TIME: 1:30-2:20 pm,  January 23, 2007

PLACE: EEB 037

SPEAKER: Amit Chakrabarti
         Dartmouth College

TITLE: Estimating Entropy (and its Friends) on Data Streams

ABSTRACT:
Statistical analysis of large streams of data is an increasingly
important problem in the modern heavily networked world. Over the last
couple of years, a number of researchers have worked on estimating
information-theoretic measures on data streams, motivated by
applications in computer networks and databases.  One particularly
important information-theoretic measure is the empirical entropy of a
data stream. A number of recent research efforts had yielded sub-linear
space algorithms to approximate this quantity.
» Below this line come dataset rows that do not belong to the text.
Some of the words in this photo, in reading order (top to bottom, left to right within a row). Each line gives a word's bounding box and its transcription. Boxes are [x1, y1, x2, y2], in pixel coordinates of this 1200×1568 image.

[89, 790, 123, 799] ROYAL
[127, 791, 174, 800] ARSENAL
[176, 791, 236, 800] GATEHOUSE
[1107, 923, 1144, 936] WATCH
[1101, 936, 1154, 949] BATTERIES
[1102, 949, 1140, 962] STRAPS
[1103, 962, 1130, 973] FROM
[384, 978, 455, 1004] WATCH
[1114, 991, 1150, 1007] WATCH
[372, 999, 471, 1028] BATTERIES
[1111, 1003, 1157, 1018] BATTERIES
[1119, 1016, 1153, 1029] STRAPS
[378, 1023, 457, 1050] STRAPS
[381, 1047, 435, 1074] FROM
In this talk, we describe a new algorithm to estimate the empirical
entropy of a stream of $m$ items, read in a single pass, within a
$1\pm\epsilon$ approximation factor, using $O(\eps^{-2} \log m)$ words
of storage space. This improves upon all earlier algorithms for the
problem. It is also considerably simpler than the only previously known
algorithm with $polylog(m)$ space complexity.  We also prove the first
nontrivial lower bound, namely $\Omega(\eps^{-2} / \log(\eps^{-1}))$,
for this problem, proving that our algorithm is near-optimal in terms of
its dependency on $\eps$.  In addition, we prove upper and lower bounds
for approximating related stream statistics such as the entropy norm and
$k$th order entropy.

One key algorithmic technique in our work is a novel extension to a
widely-used method originating with Alon, Matias, and Szegedy (1996).
This technique might be of independent interest.

This is joint work with Graham Cormode and Andrew McGregor.